§ **Your assignment**
Print out each record below, unaltered and complete, without its images.

§ **Entries provided**
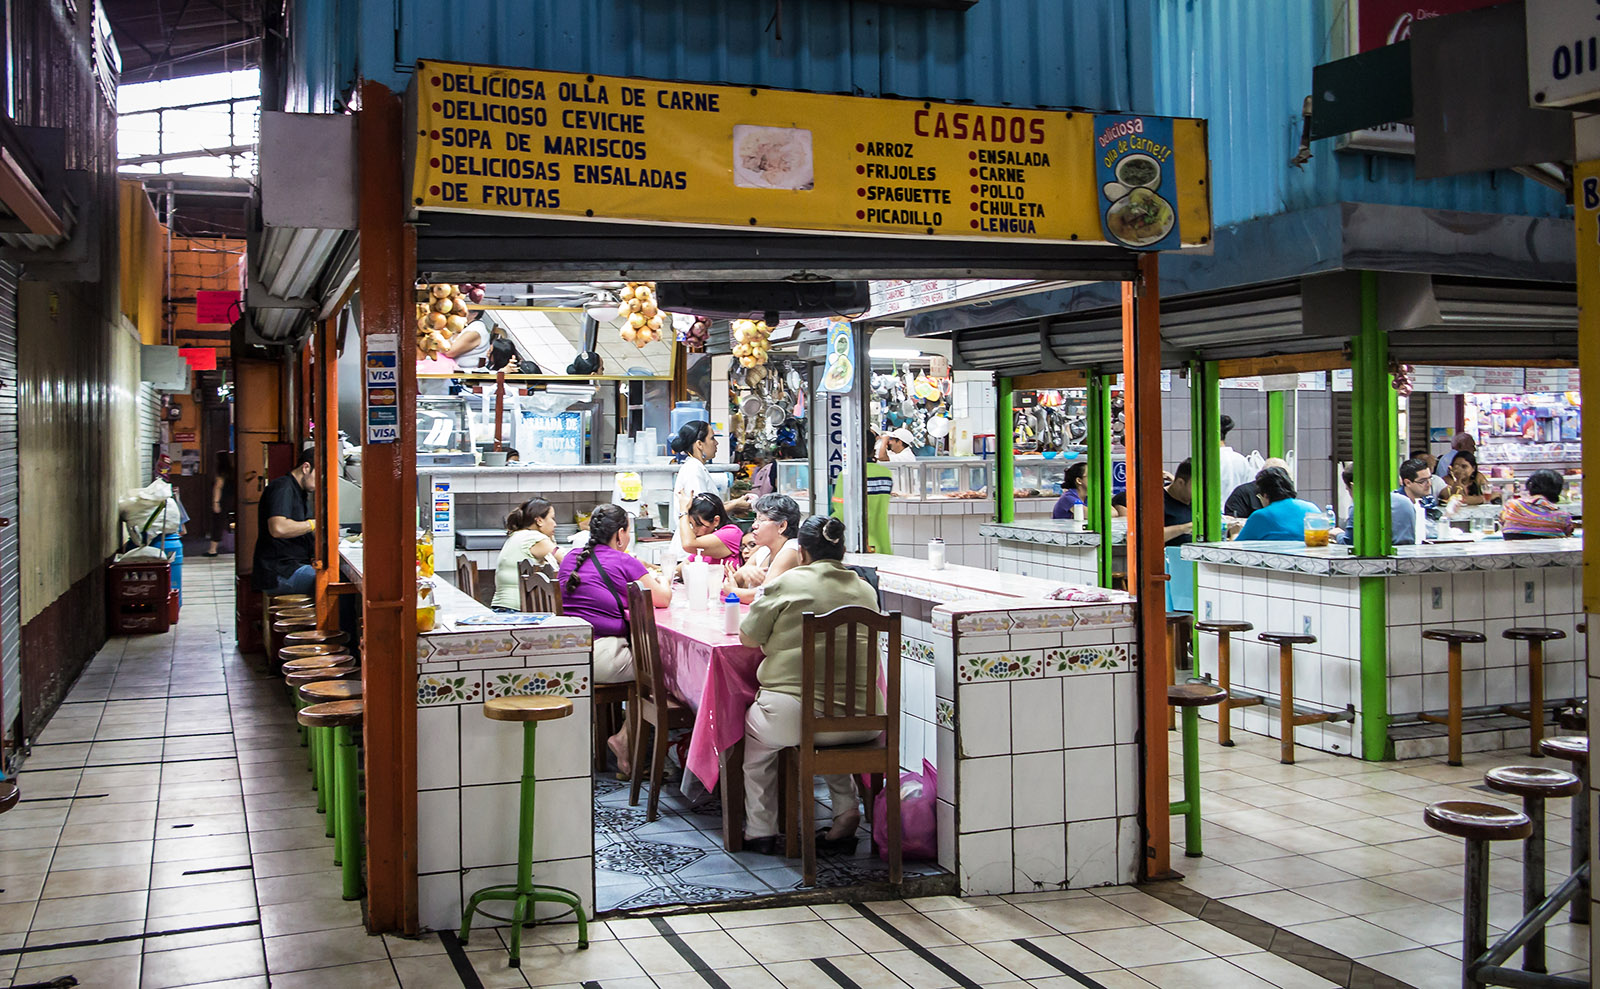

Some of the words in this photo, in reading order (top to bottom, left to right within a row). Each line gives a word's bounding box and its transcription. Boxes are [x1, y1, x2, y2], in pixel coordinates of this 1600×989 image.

[442, 73, 546, 101] DELICIOSA
[559, 82, 609, 104] OLLA
[621, 87, 646, 107] DE
[657, 90, 720, 113] CARNE
[443, 100, 547, 128] DELICIOSO
[562, 110, 645, 134] CEVICHE
[914, 109, 1045, 145] CASADOS
[1098, 117, 1144, 147] Deliciosa
[442, 127, 492, 150] SOPA
[506, 132, 531, 153] DE
[544, 136, 647, 161] MARISCOS
[867, 142, 913, 158] ARROZ
[1118, 140, 1129, 154] de
[978, 150, 1050, 169] ENSALADA
[442, 155, 560, 182] DELICIOSAS
[574, 165, 687, 190] ENSALADAS
[867, 164, 936, 182] FRIJOLES
[980, 166, 1025, 183] CARNE
[442, 182, 468, 203] DE
[483, 185, 560, 209] FRUTAS
[867, 186, 951, 204] SPAGUETTE
[981, 184, 1024, 201] POLLO
[867, 208, 942, 226] PICADILLO
[980, 200, 1045, 218] CHULETA
[980, 218, 1036, 234] LENGUA
[371, 371, 395, 380] VISA
[372, 429, 396, 438] VISA
[566, 418, 578, 431] DE
[542, 437, 575, 450] FRUTAS
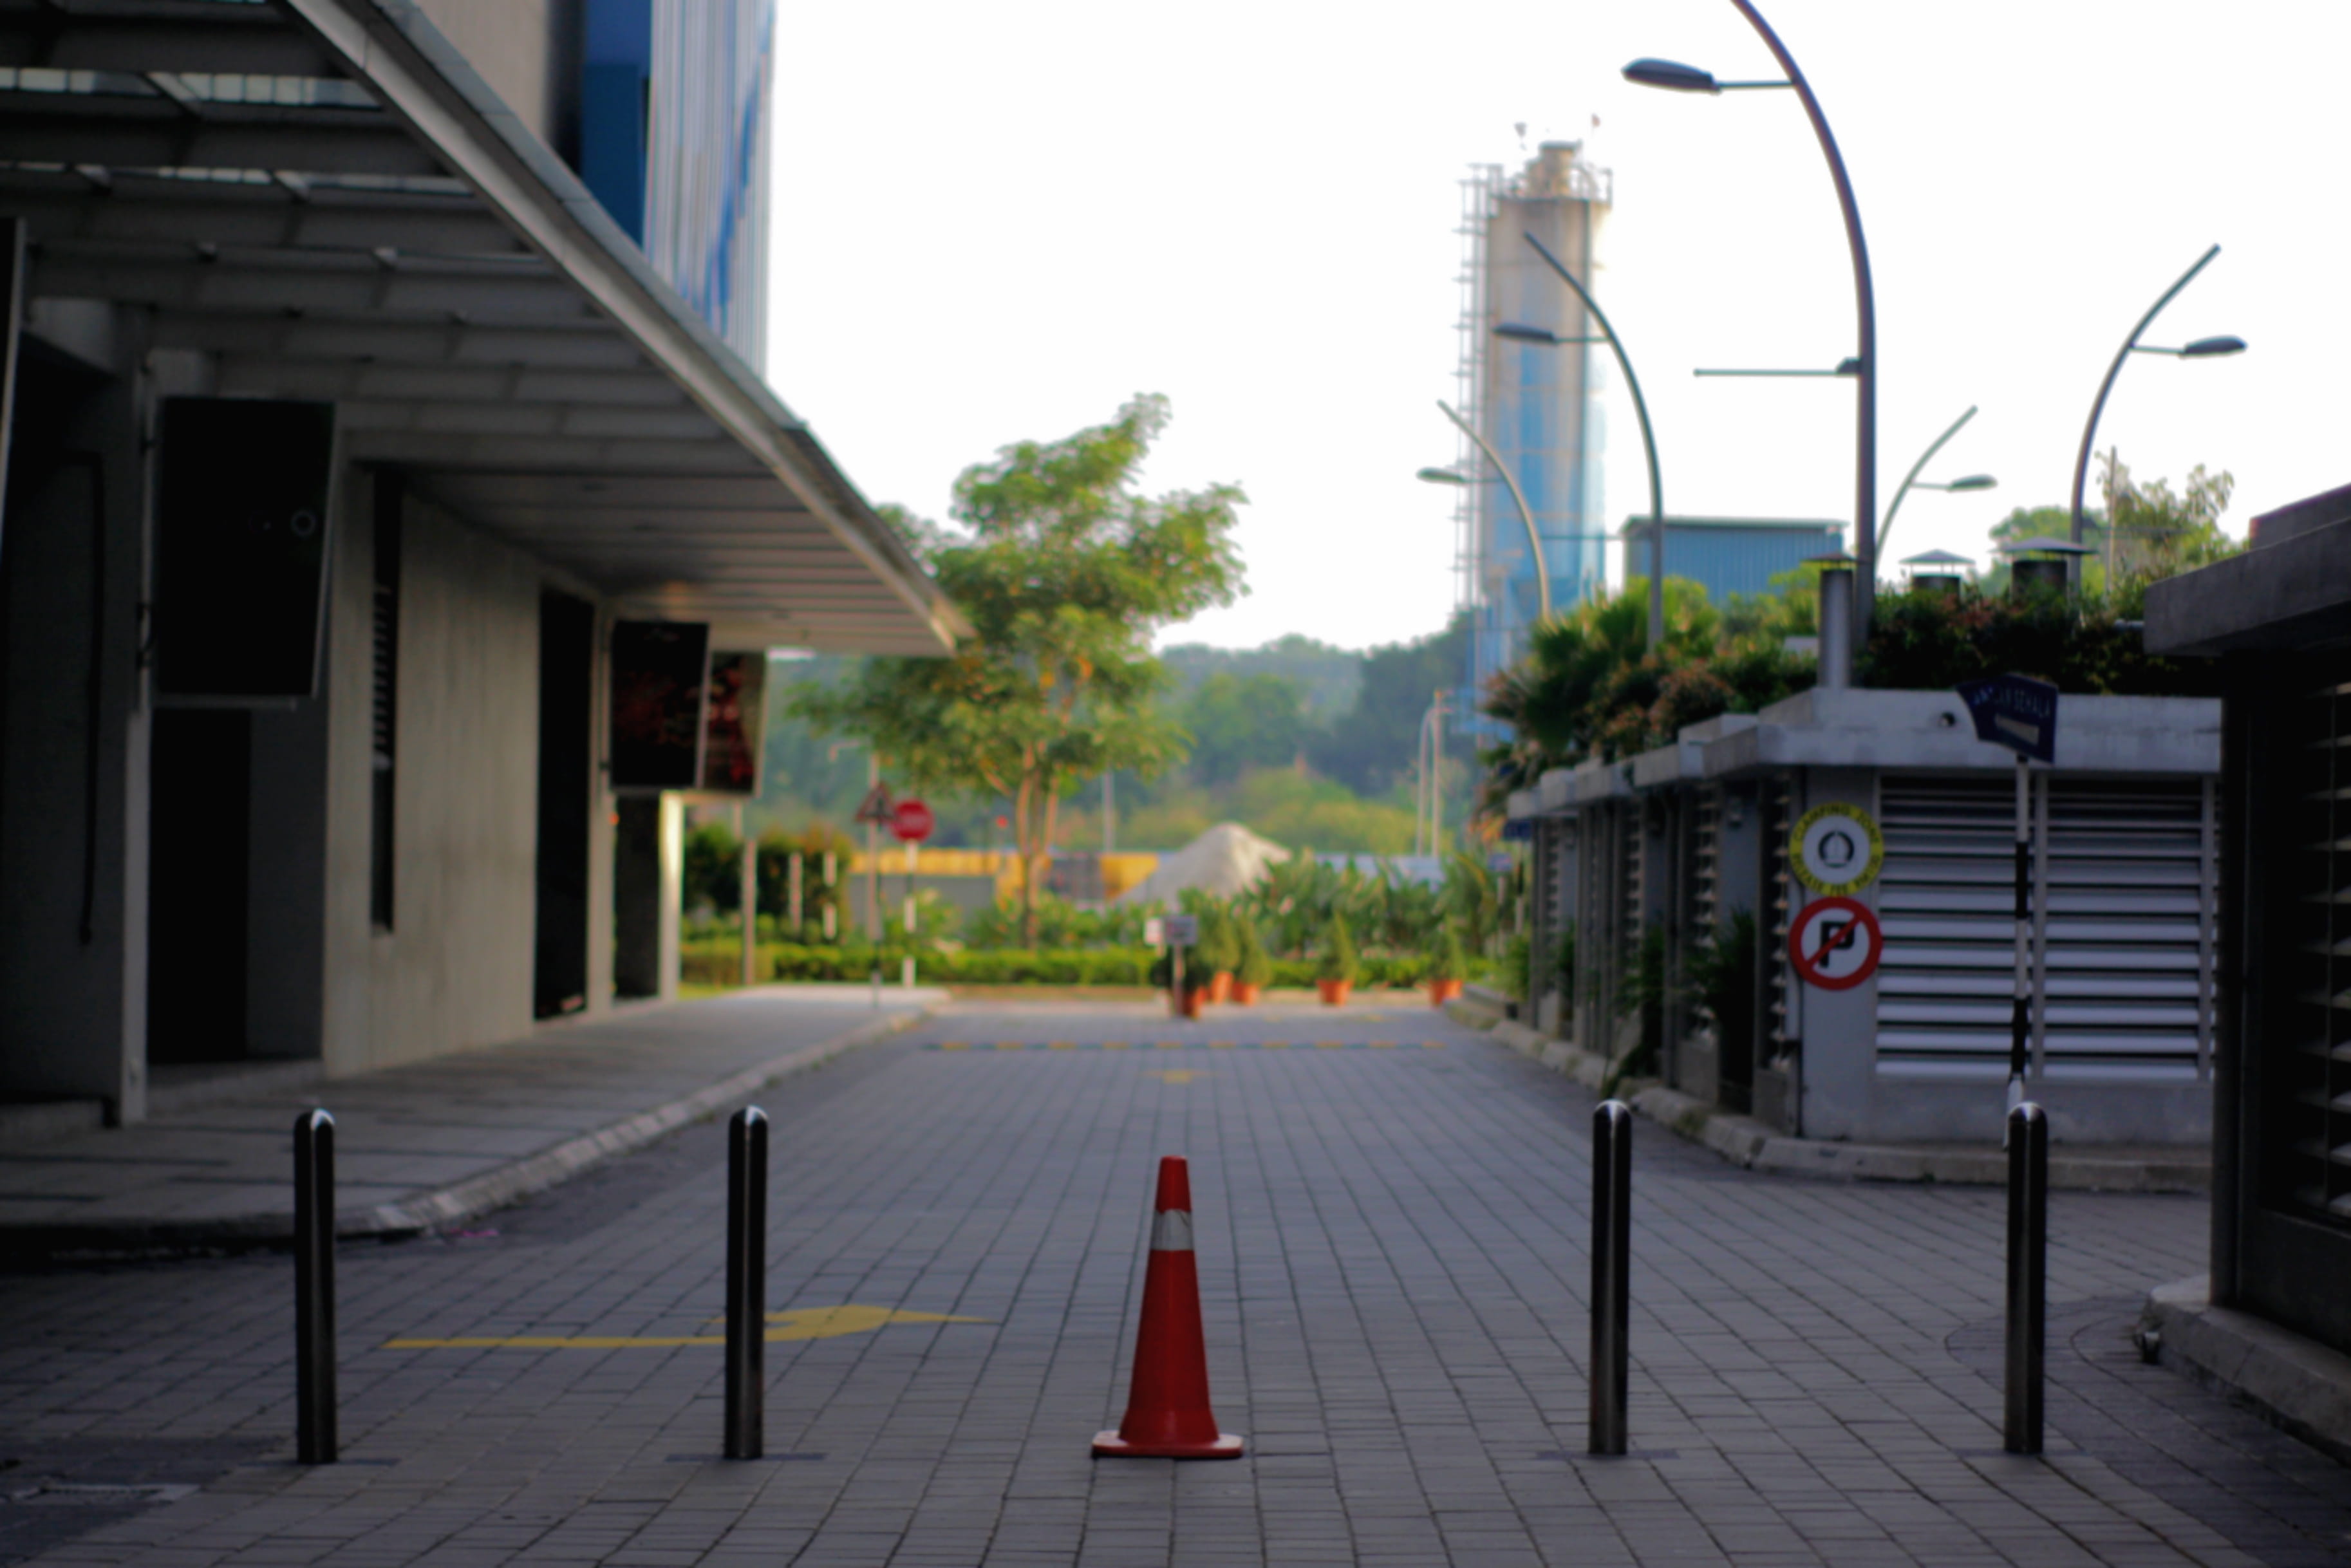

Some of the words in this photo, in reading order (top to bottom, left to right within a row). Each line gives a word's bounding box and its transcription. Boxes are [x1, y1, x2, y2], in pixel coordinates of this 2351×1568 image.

[2014, 689, 2051, 718] SEHALA
[1792, 803, 1851, 839] CLAMPING
[1857, 812, 1882, 846] ZONE
[1820, 921, 1855, 967] P

§ **Result of this task**
Some of the words in this photo, in reading order (top to bottom, left to right within a row). Each line gives a word's bounding box and its transcription. Boxes are [x1, y1, x2, y2], in pixel coordinates of this 1600×989 image.

[442, 73, 546, 101] DELICIOSA
[559, 82, 609, 104] OLLA
[621, 87, 646, 107] DE
[657, 90, 720, 113] CARNE
[443, 100, 547, 128] DELICIOSO
[562, 110, 645, 134] CEVICHE
[914, 109, 1045, 145] CASADOS
[1098, 117, 1144, 147] Deliciosa
[442, 127, 492, 150] SOPA
[506, 132, 531, 153] DE
[544, 136, 647, 161] MARISCOS
[867, 142, 913, 158] ARROZ
[1118, 140, 1129, 154] de
[978, 150, 1050, 169] ENSALADA
[442, 155, 560, 182] DELICIOSAS
[574, 165, 687, 190] ENSALADAS
[867, 164, 936, 182] FRIJOLES
[980, 166, 1025, 183] CARNE
[442, 182, 468, 203] DE
[483, 185, 560, 209] FRUTAS
[867, 186, 951, 204] SPAGUETTE
[981, 184, 1024, 201] POLLO
[867, 208, 942, 226] PICADILLO
[980, 200, 1045, 218] CHULETA
[980, 218, 1036, 234] LENGUA
[371, 371, 395, 380] VISA
[372, 429, 396, 438] VISA
[566, 418, 578, 431] DE
[542, 437, 575, 450] FRUTAS

Some of the words in this photo, in reading order (top to bottom, left to right within a row). Each line gives a word's bounding box and its transcription. Boxes are [x1, y1, x2, y2], in pixel coordinates of this 2351×1568 image.

[2014, 689, 2051, 718] SEHALA
[1792, 803, 1851, 839] CLAMPING
[1857, 812, 1882, 846] ZONE
[1820, 921, 1855, 967] P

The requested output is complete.